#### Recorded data
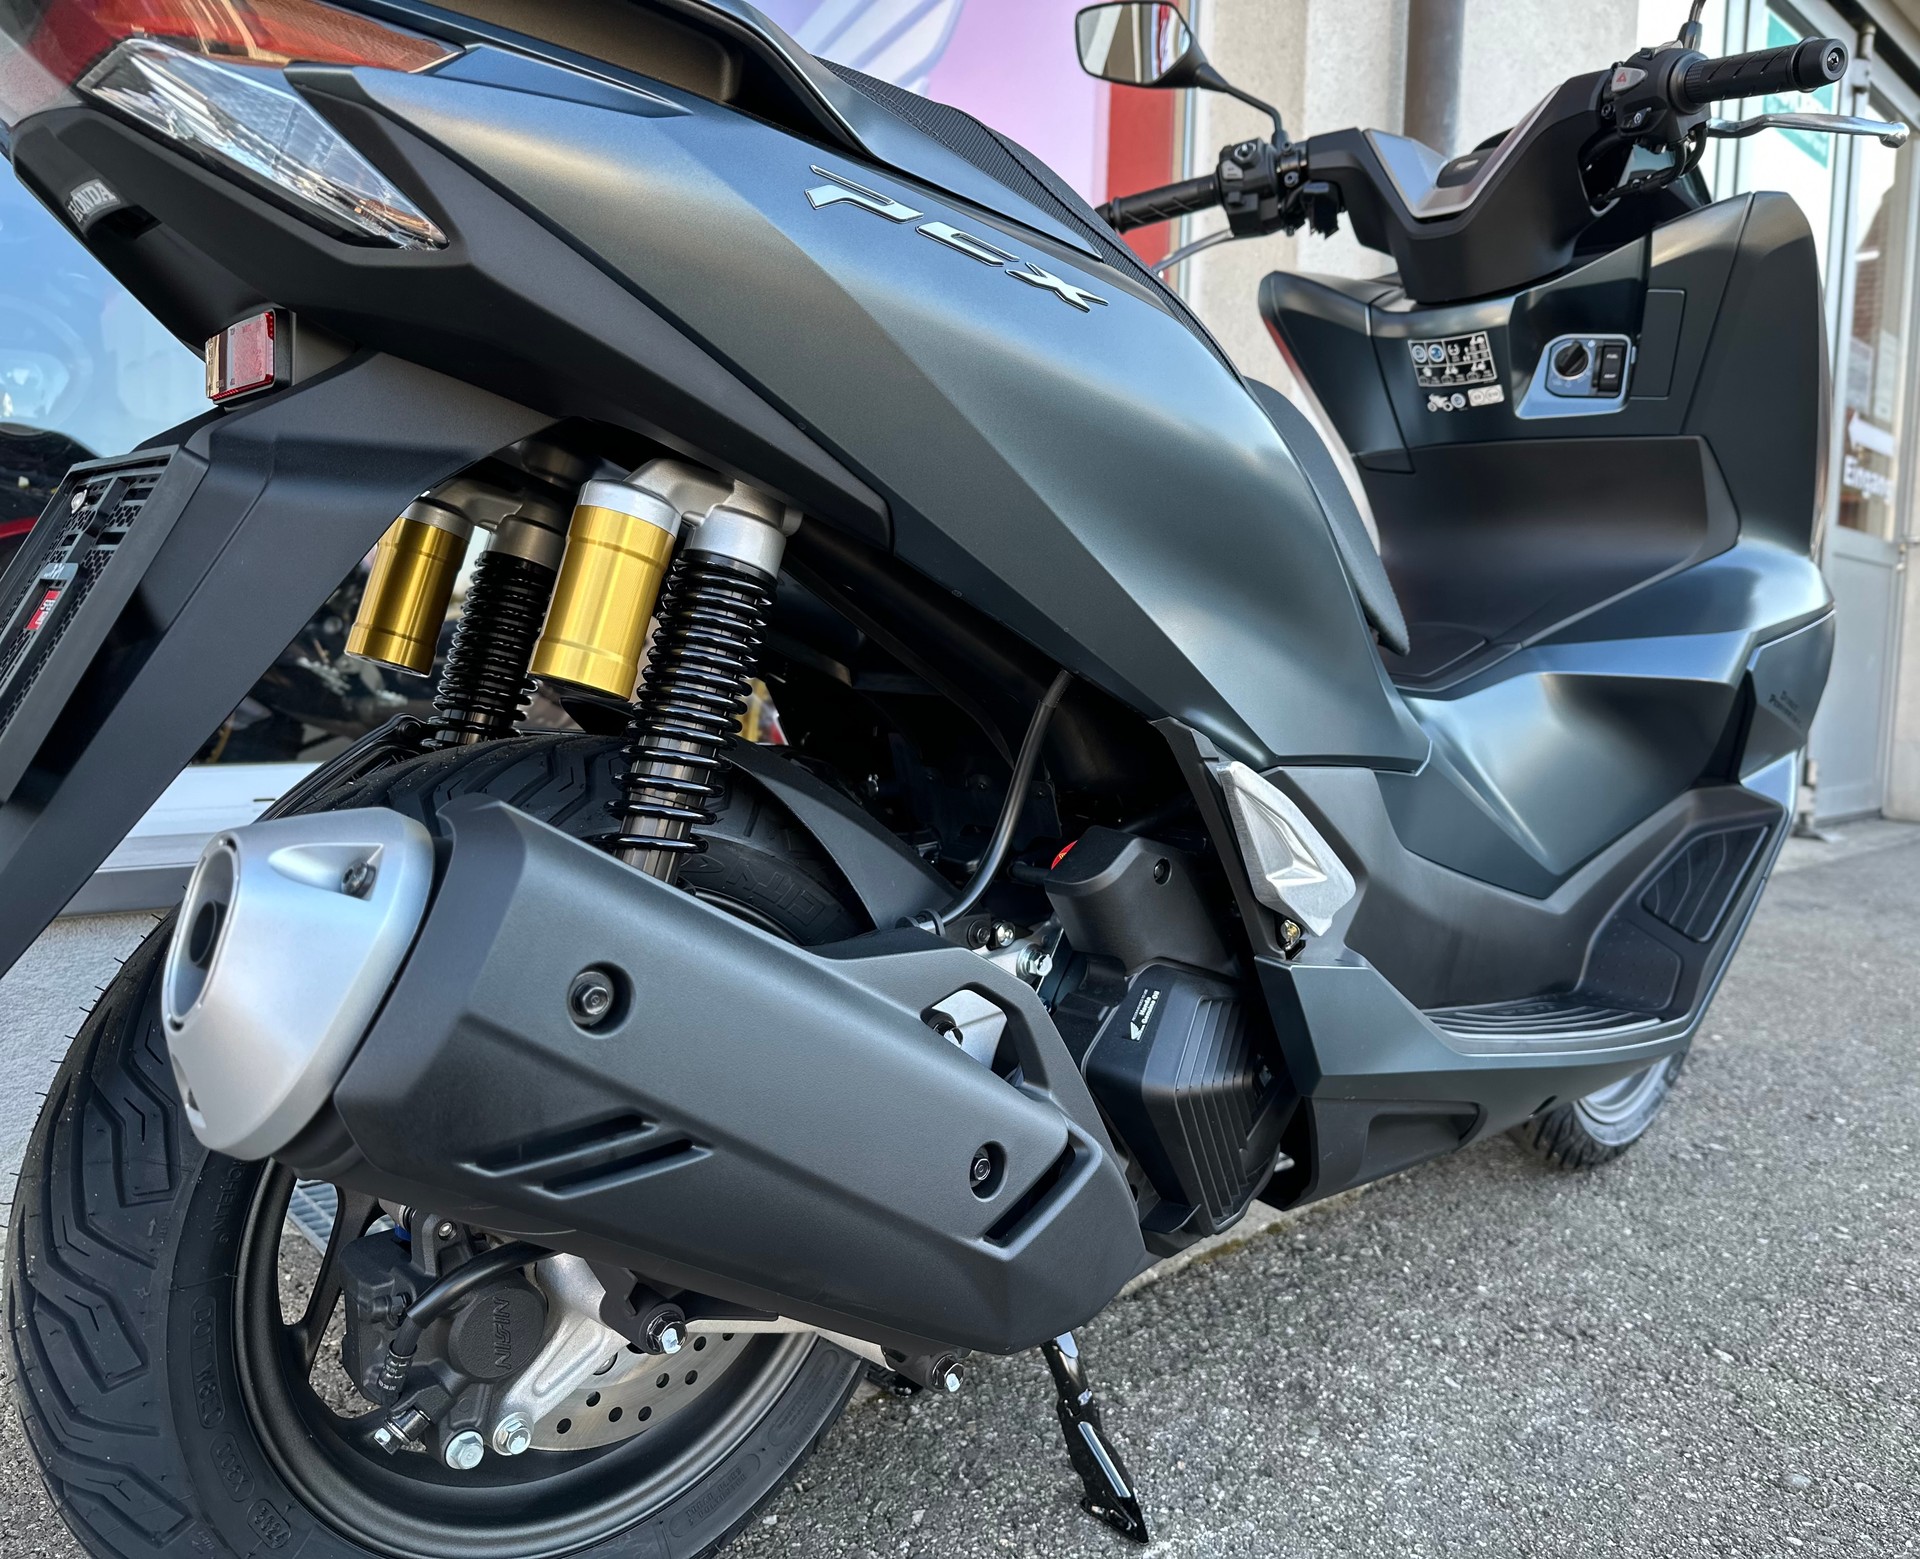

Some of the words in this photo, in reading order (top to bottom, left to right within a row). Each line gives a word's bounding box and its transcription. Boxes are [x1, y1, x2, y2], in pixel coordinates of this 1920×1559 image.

[67, 182, 118, 223] HONDA
[804, 163, 1110, 313] PCX
[1139, 996, 1151, 1015] Honda
[193, 1303, 213, 1352] DOT
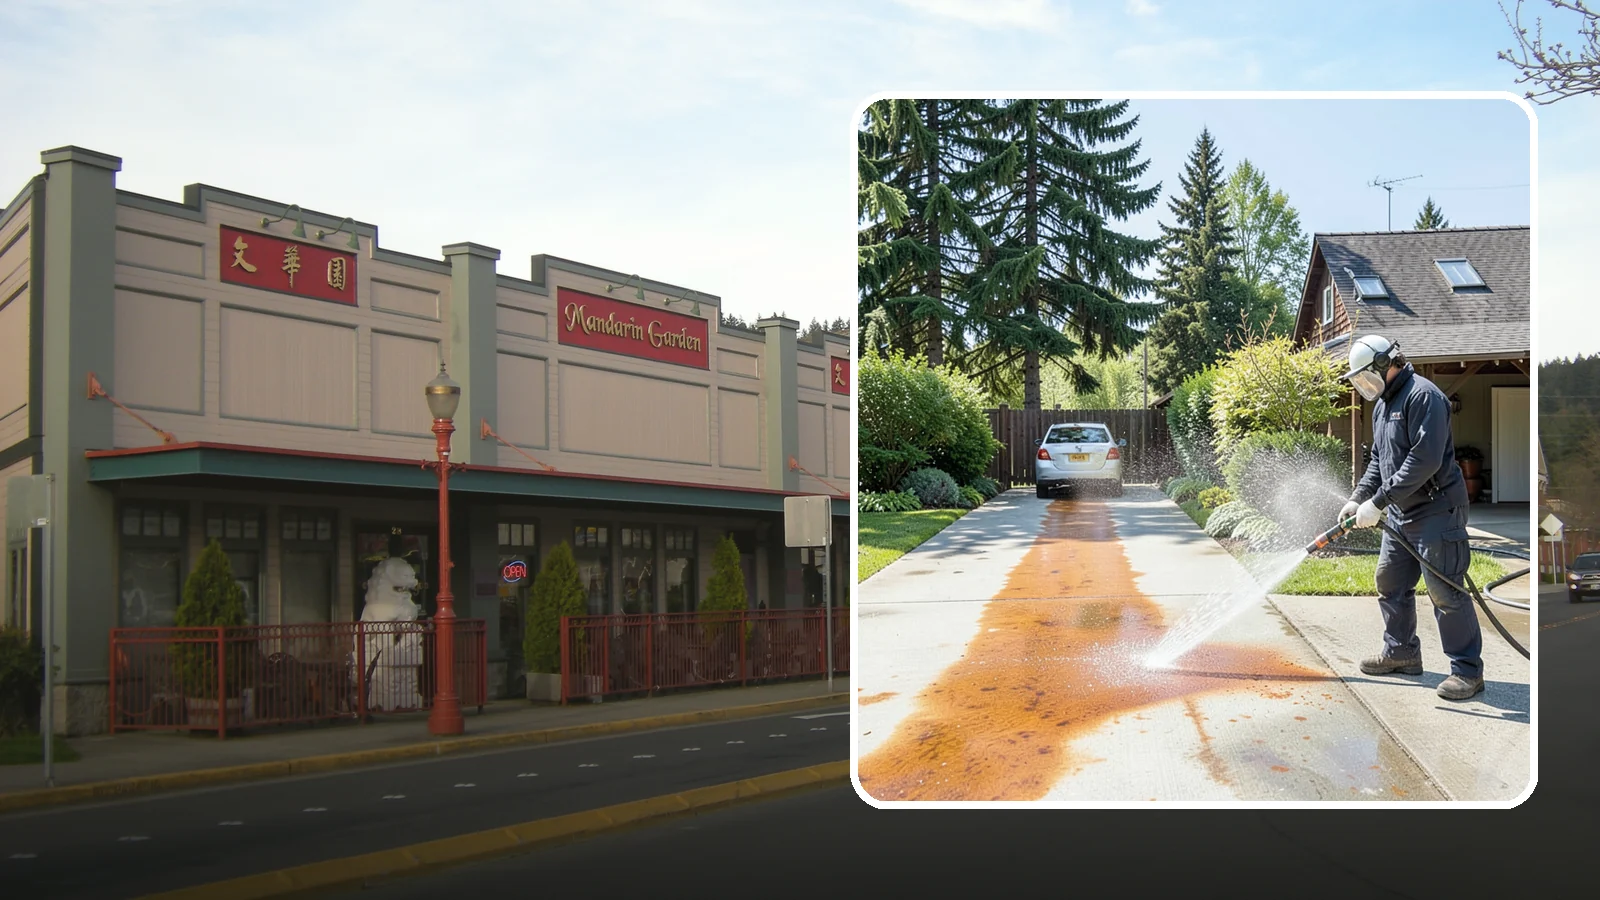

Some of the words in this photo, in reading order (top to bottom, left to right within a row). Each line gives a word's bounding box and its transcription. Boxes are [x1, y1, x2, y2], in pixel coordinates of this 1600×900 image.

[564, 302, 644, 341] Mandarin
[648, 320, 701, 352] Garden
[503, 565, 526, 578] OPEN
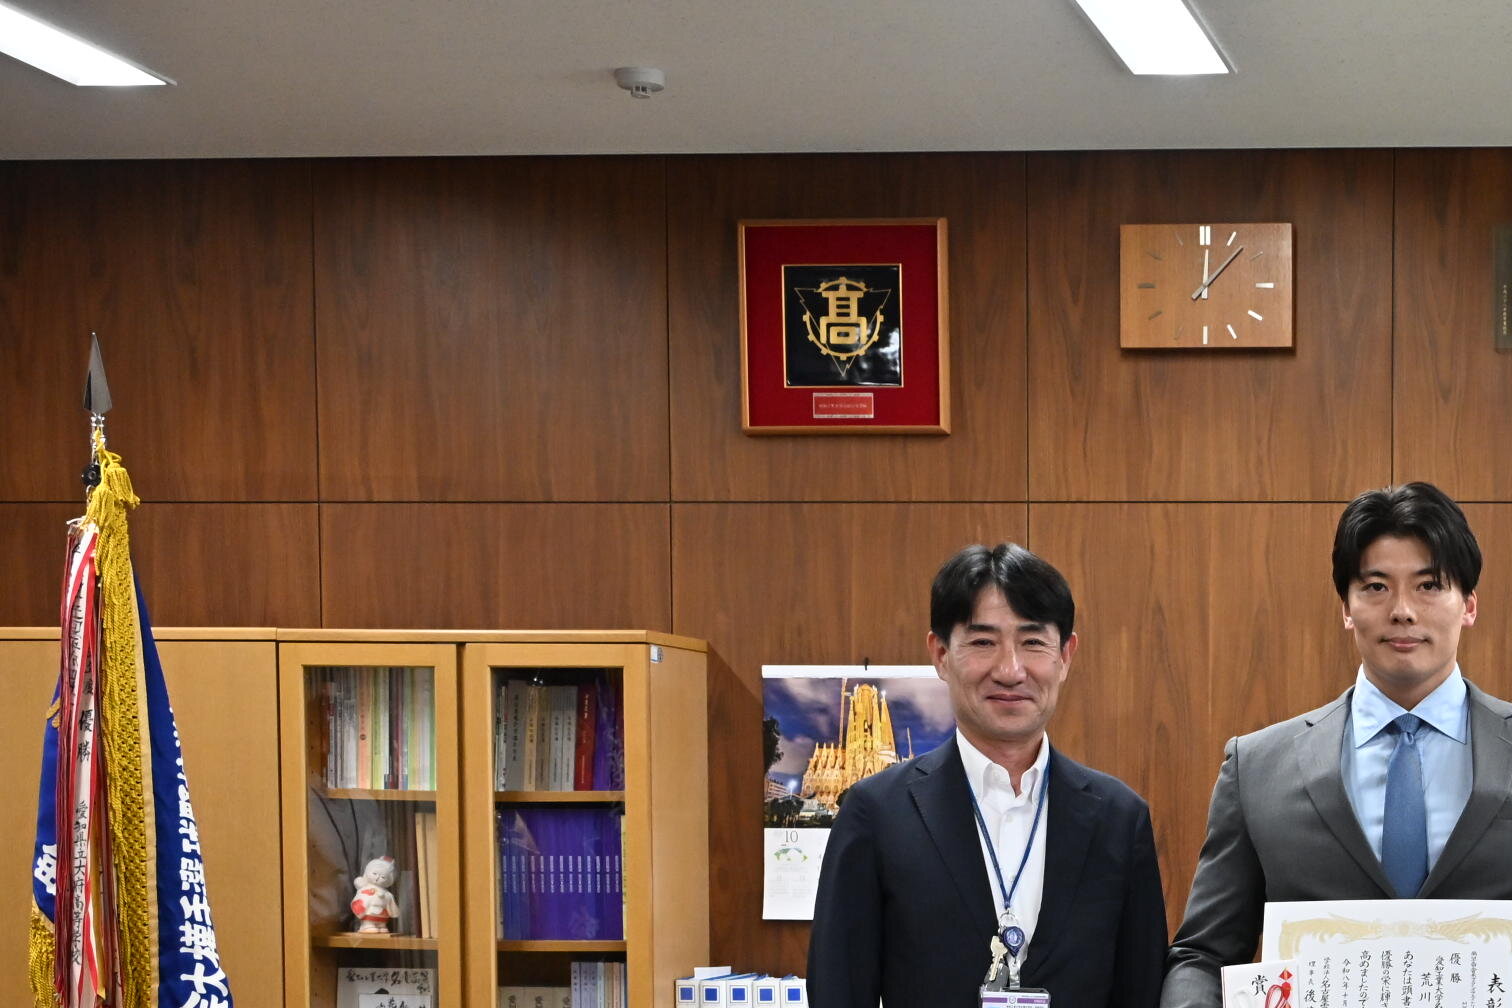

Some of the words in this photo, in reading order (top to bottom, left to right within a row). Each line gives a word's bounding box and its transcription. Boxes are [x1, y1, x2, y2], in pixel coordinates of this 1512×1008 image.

[785, 830, 799, 843] 10
[1450, 952, 1462, 984] 優勝
[1252, 974, 1269, 996] 賞
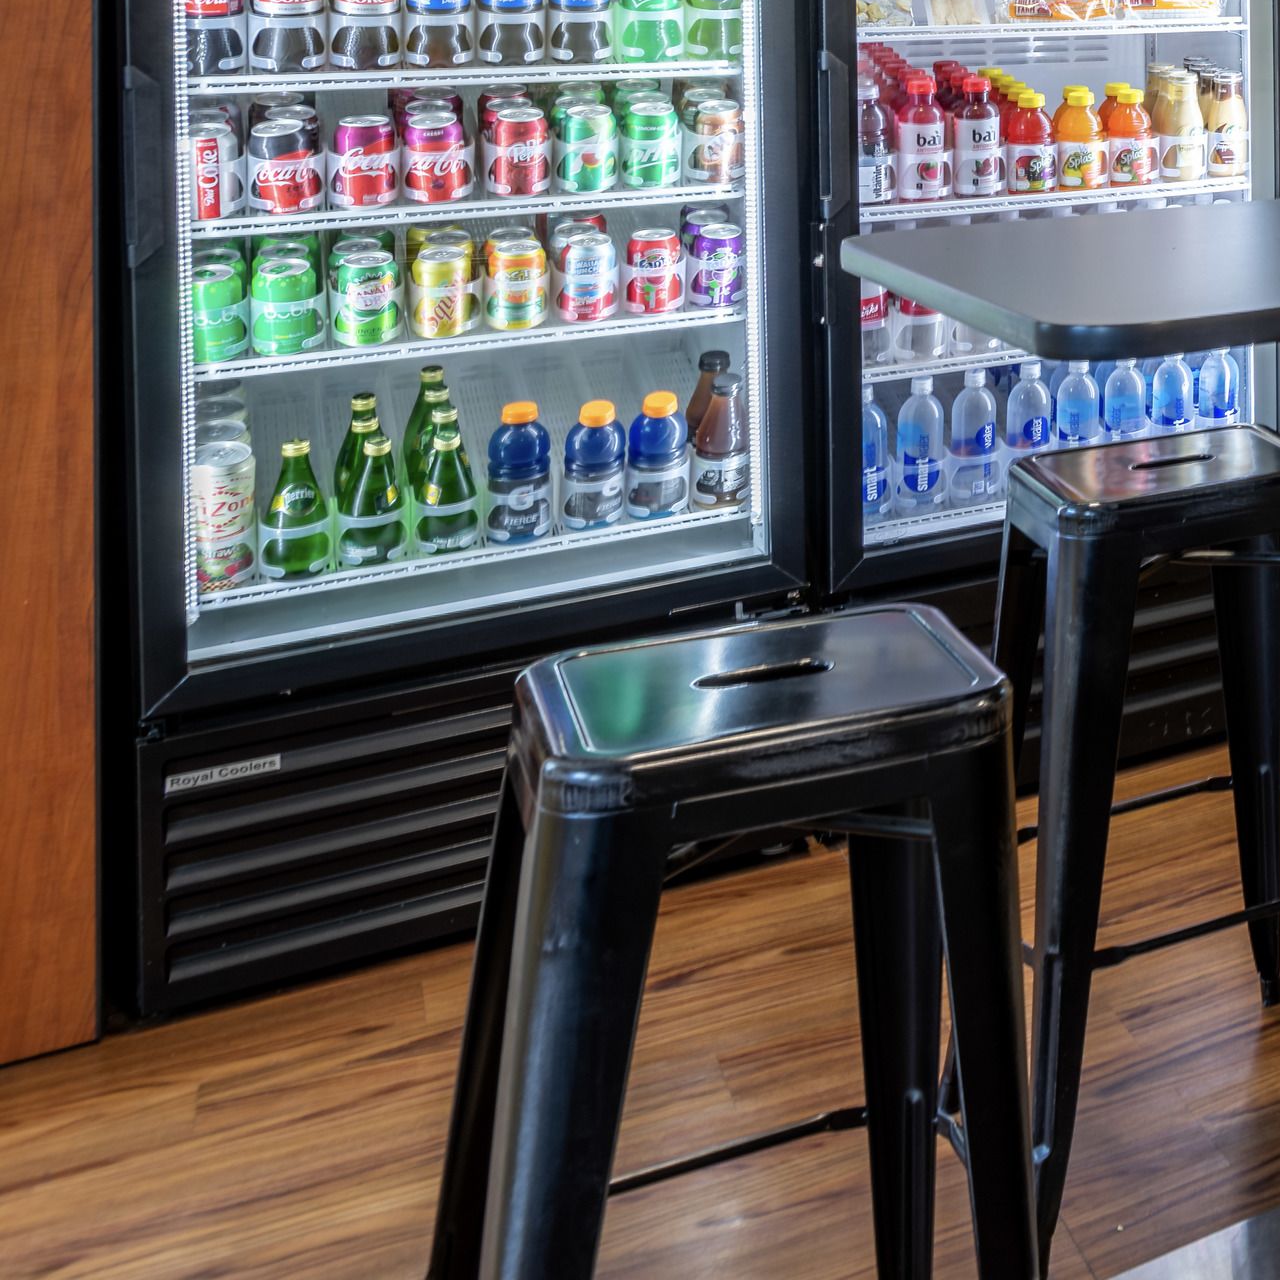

#### What to do
Your copy should consist solely of the lines from the line containing "this 1512×1008 image." through the last line of the records above, reproduced exactly, with the pictures left out.

#### Exercise answer
Some of the words in this photo, in reading order (top to bottom, left to right within a row). Each line gives a word's bounding box and its transcription. Boxes are [x1, y1, x2, y2], in pixel coordinates of this 1512×1008 image.

[785, 830, 799, 843] 10
[1450, 952, 1462, 984] 優勝
[1252, 974, 1269, 996] 賞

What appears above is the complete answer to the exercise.